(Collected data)
------------------------------------------------
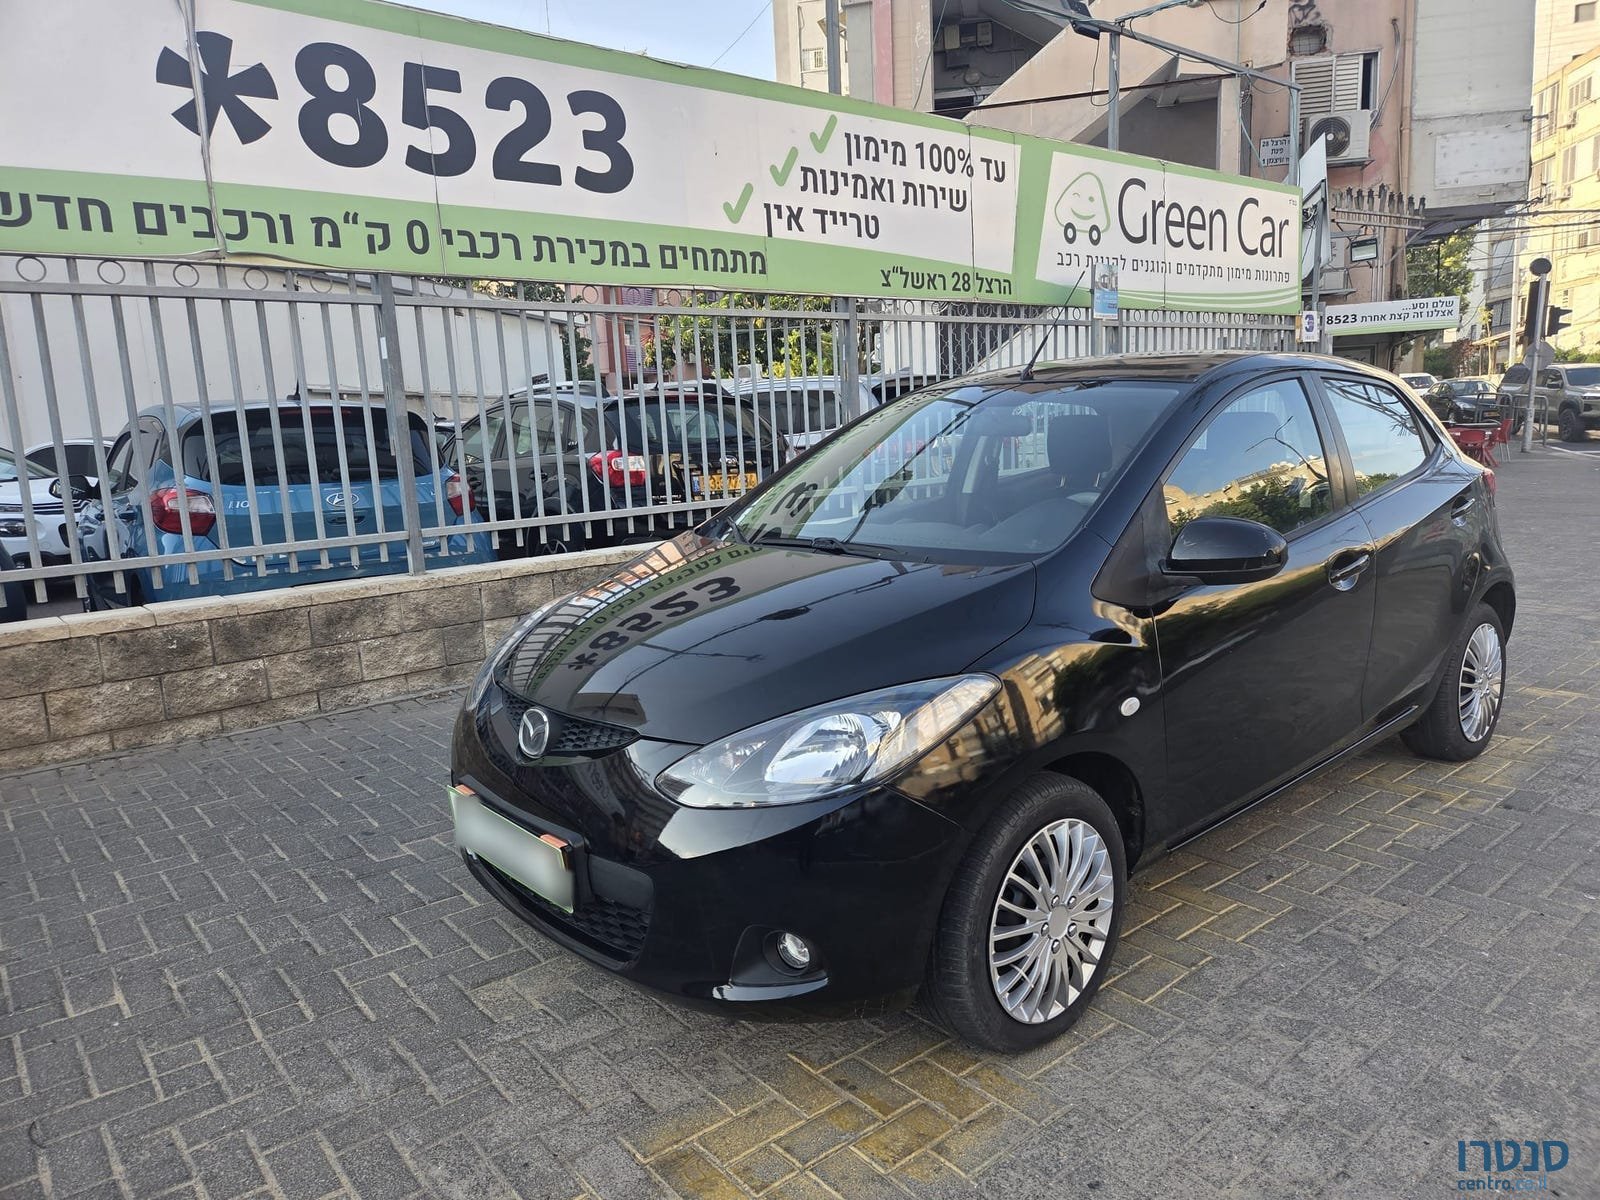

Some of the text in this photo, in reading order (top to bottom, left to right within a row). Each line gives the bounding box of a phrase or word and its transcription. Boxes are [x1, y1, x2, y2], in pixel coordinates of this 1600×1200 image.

[844, 132, 1006, 183] עד 100% מימון
[800, 166, 967, 212] שירות ואמינות
[133, 201, 294, 245] ורכבים
[763, 202, 880, 239] טרייד אין
[1117, 178, 1289, 258] Green Car
[406, 219, 430, 255] 0
[441, 228, 522, 261] רכבי
[533, 234, 651, 269] במכירת
[659, 244, 767, 275] מתמחים
[1057, 252, 1080, 267] רכב
[1132, 258, 1172, 274] והוגנים
[1176, 262, 1223, 280] מתקדמים
[1227, 266, 1252, 282] מימון
[951, 270, 971, 292] 28
[975, 272, 1012, 295] הרצל
[1255, 269, 1290, 283] פתרונות
[1326, 313, 1358, 325] 8523
------------------------------------------------
Action item:
The copy you output must match the entries above exactly, except that it has no pictures.

Reply:
Some of the text in this photo, in reading order (top to bottom, left to right within a row). Each line gives the bounding box of a phrase or word and its transcription. Boxes are [x1, y1, x2, y2], in pixel coordinates of this 1600×1200 image.

[844, 132, 1006, 183] עד 100% מימון
[800, 166, 967, 212] שירות ואמינות
[133, 201, 294, 245] ורכבים
[763, 202, 880, 239] טרייד אין
[1117, 178, 1289, 258] Green Car
[406, 219, 430, 255] 0
[441, 228, 522, 261] רכבי
[533, 234, 651, 269] במכירת
[659, 244, 767, 275] מתמחים
[1057, 252, 1080, 267] רכב
[1132, 258, 1172, 274] והוגנים
[1176, 262, 1223, 280] מתקדמים
[1227, 266, 1252, 282] מימון
[951, 270, 971, 292] 28
[975, 272, 1012, 295] הרצל
[1255, 269, 1290, 283] פתרונות
[1326, 313, 1358, 325] 8523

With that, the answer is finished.